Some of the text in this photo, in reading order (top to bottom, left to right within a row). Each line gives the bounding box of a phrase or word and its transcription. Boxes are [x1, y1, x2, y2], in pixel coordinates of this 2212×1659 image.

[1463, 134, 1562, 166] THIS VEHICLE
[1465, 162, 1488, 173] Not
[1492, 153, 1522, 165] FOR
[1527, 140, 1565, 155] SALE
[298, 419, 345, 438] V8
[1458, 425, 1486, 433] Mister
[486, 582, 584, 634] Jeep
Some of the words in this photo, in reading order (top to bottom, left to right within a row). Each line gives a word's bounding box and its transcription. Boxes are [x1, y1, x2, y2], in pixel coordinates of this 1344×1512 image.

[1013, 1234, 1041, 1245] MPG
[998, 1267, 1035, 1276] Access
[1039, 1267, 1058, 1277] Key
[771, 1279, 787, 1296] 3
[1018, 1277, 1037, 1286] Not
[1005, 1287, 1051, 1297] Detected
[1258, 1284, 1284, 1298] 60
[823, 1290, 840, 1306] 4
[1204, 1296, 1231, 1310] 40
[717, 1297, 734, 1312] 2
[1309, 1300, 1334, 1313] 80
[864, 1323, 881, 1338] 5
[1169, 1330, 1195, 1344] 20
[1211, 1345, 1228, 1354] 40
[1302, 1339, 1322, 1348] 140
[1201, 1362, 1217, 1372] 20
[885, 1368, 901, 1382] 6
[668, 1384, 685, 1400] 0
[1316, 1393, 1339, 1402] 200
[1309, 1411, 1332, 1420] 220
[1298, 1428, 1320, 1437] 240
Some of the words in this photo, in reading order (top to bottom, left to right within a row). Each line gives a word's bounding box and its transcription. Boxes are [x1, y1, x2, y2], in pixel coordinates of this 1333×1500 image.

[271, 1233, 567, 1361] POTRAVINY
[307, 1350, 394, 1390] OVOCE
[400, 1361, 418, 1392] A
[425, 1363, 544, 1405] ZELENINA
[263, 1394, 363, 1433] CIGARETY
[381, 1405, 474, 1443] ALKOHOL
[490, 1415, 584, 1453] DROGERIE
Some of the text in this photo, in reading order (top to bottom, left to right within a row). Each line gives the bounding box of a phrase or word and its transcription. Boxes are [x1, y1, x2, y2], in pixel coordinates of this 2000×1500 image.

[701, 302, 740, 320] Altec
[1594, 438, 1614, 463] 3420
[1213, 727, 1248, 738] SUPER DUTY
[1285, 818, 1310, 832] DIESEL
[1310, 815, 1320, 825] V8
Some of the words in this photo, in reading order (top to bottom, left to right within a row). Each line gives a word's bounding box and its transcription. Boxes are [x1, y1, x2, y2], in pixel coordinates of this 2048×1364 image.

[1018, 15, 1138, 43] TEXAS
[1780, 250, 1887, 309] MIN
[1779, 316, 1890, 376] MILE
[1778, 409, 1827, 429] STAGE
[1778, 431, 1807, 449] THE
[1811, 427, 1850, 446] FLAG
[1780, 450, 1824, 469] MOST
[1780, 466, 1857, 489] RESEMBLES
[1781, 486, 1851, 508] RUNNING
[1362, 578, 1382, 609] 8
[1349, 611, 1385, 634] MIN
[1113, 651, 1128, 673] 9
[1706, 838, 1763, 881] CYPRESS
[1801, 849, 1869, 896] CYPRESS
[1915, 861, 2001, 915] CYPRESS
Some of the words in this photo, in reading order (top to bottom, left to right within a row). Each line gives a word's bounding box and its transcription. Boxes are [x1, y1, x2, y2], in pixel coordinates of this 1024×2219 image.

- What to do
Copy the data above exactly. Every line must be included.

- Answer box
Some of the text in this photo, in reading order (top to bottom, left to right within a row). Each line gives the bounding box of a phrase or word and its transcription. Boxes are [x1, y1, x2, y2], in pixel coordinates of this 2212×1659 image.

[1463, 134, 1562, 166] THIS VEHICLE
[1465, 162, 1488, 173] Not
[1492, 153, 1522, 165] FOR
[1527, 140, 1565, 155] SALE
[298, 419, 345, 438] V8
[1458, 425, 1486, 433] Mister
[486, 582, 584, 634] Jeep
Some of the words in this photo, in reading order (top to bottom, left to right within a row). Each line gives a word's bounding box and its transcription. Boxes are [x1, y1, x2, y2], in pixel coordinates of this 1344×1512 image.

[1013, 1234, 1041, 1245] MPG
[998, 1267, 1035, 1276] Access
[1039, 1267, 1058, 1277] Key
[771, 1279, 787, 1296] 3
[1018, 1277, 1037, 1286] Not
[1005, 1287, 1051, 1297] Detected
[1258, 1284, 1284, 1298] 60
[823, 1290, 840, 1306] 4
[1204, 1296, 1231, 1310] 40
[717, 1297, 734, 1312] 2
[1309, 1300, 1334, 1313] 80
[864, 1323, 881, 1338] 5
[1169, 1330, 1195, 1344] 20
[1211, 1345, 1228, 1354] 40
[1302, 1339, 1322, 1348] 140
[1201, 1362, 1217, 1372] 20
[885, 1368, 901, 1382] 6
[668, 1384, 685, 1400] 0
[1316, 1393, 1339, 1402] 200
[1309, 1411, 1332, 1420] 220
[1298, 1428, 1320, 1437] 240
Some of the words in this photo, in reading order (top to bottom, left to right within a row). Each line gives a word's bounding box and its transcription. Boxes are [x1, y1, x2, y2], in pixel coordinates of this 1333×1500 image.

[271, 1233, 567, 1361] POTRAVINY
[307, 1350, 394, 1390] OVOCE
[400, 1361, 418, 1392] A
[425, 1363, 544, 1405] ZELENINA
[263, 1394, 363, 1433] CIGARETY
[381, 1405, 474, 1443] ALKOHOL
[490, 1415, 584, 1453] DROGERIE
Some of the text in this photo, in reading order (top to bottom, left to right within a row). Each line gives the bounding box of a phrase or word and its transcription. Boxes are [x1, y1, x2, y2], in pixel coordinates of this 2000×1500 image.

[701, 302, 740, 320] Altec
[1594, 438, 1614, 463] 3420
[1213, 727, 1248, 738] SUPER DUTY
[1285, 818, 1310, 832] DIESEL
[1310, 815, 1320, 825] V8
Some of the words in this photo, in reading order (top to bottom, left to right within a row). Each line gives a word's bounding box and its transcription. Boxes are [x1, y1, x2, y2], in pixel coordinates of this 2048×1364 image.

[1018, 15, 1138, 43] TEXAS
[1780, 250, 1887, 309] MIN
[1779, 316, 1890, 376] MILE
[1778, 409, 1827, 429] STAGE
[1778, 431, 1807, 449] THE
[1811, 427, 1850, 446] FLAG
[1780, 450, 1824, 469] MOST
[1780, 466, 1857, 489] RESEMBLES
[1781, 486, 1851, 508] RUNNING
[1362, 578, 1382, 609] 8
[1349, 611, 1385, 634] MIN
[1113, 651, 1128, 673] 9
[1706, 838, 1763, 881] CYPRESS
[1801, 849, 1869, 896] CYPRESS
[1915, 861, 2001, 915] CYPRESS
Some of the words in this photo, in reading order (top to bottom, left to right within a row). Each line gives a word's bounding box and its transcription. Boxes are [x1, y1, x2, y2], in pixel coordinates of this 1024×2219 image.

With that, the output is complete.